In her riveting statement, Olympic gold medalist Aly Raisman scathingly criticized “adult after adult, many in positions of authority” for enabling Nassar’s crimes, adding that USA Gymnastics is “an organization that I feel is rotting from the inside.”

Following the hearing and Judge Aquilina’s sentencing, Olympic gold medalist Simon Biles tweeted:

This morning on the Today Show, Biles told host Hoda Kotb “I think the judge is my hero because she gave it to him straight and didn’t let him get any power over any of the girls and letting the girls go and speak was very powerful.”

USA Gymnastics will elect interim board members before a new slate of officials can be selected later this year.

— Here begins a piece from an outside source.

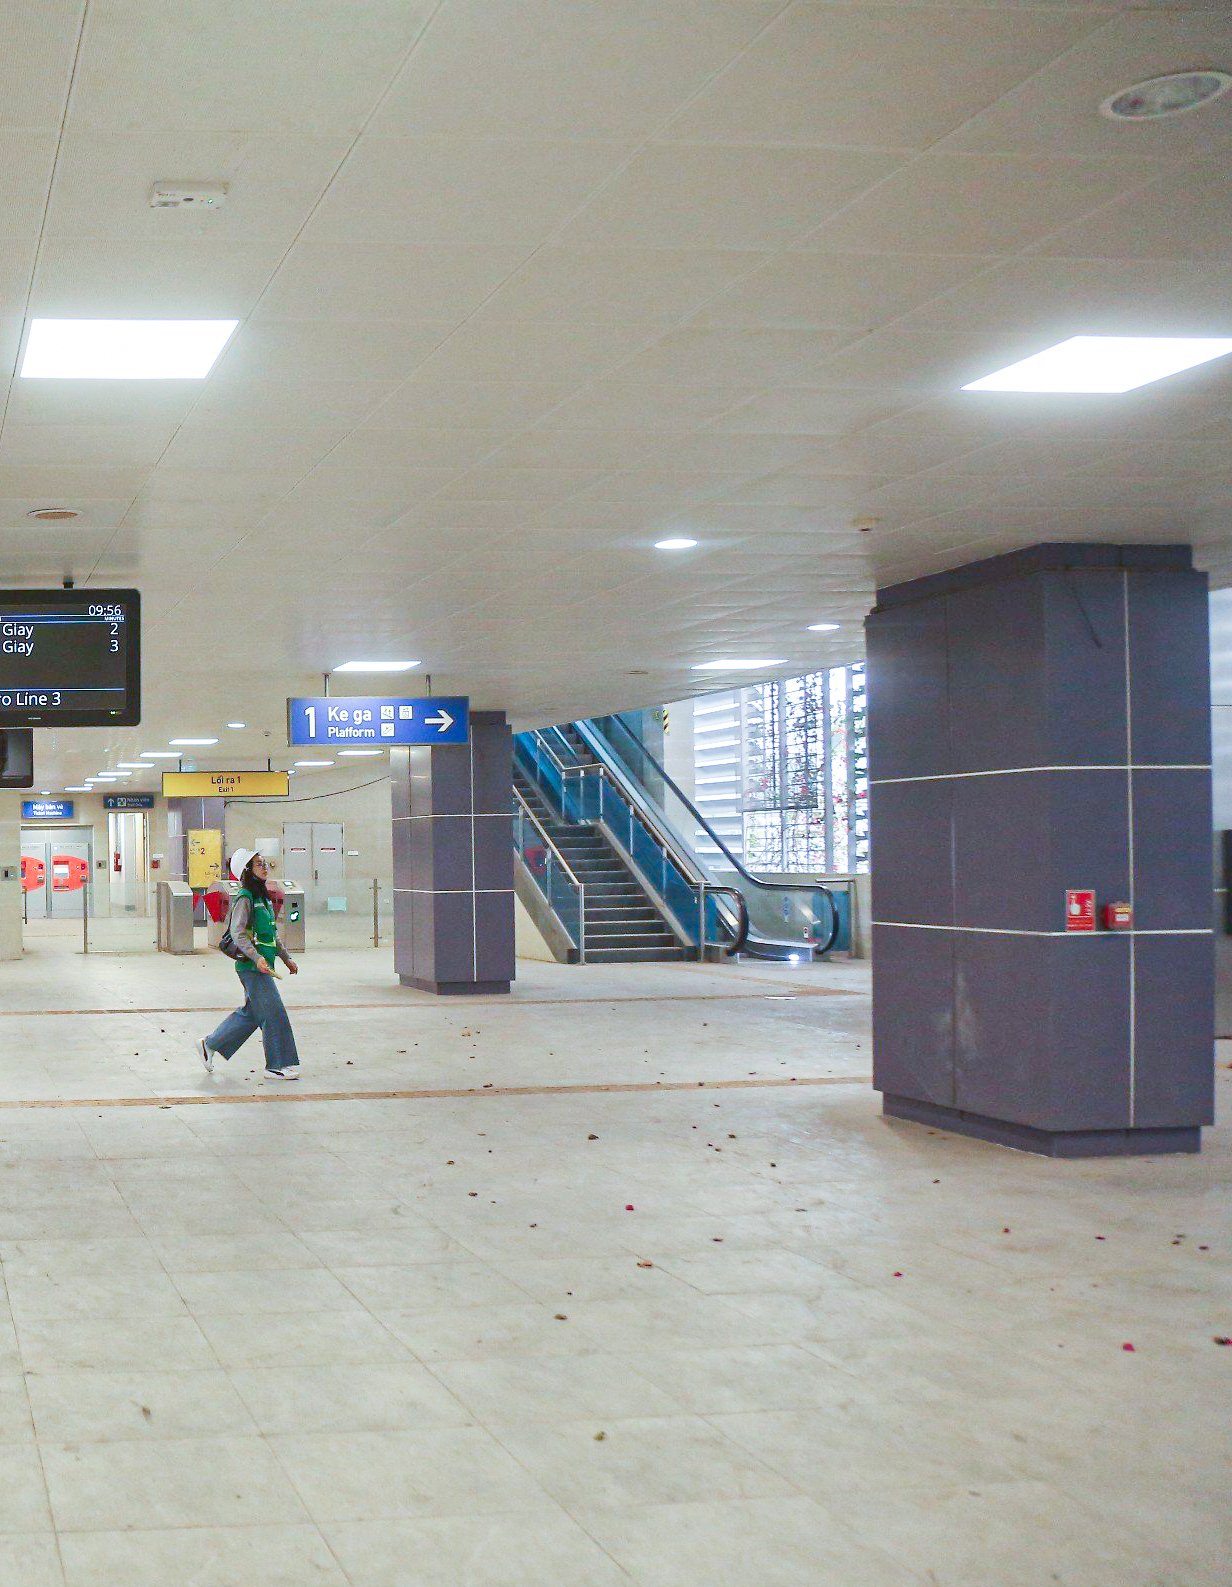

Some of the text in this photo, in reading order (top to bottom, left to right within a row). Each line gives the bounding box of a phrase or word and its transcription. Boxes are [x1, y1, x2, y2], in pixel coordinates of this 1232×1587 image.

The resignation en masse of the board was one of 70 recommendations that came out of the Daniels Report, a damning investigation into the organization’s failure to stop Nassar that was conducted by former federal prosecutor Deborah Daniels.

The president and athletic director of Michigan State University, where Nassar ran a sports clinic, also resigned this week. Now scrutiny is turning to the Karolyi Ranch near Houston, Texas, a facility founded by famed Olympic coach Bela Karolyi, where several women say they were assaulted by Nassar.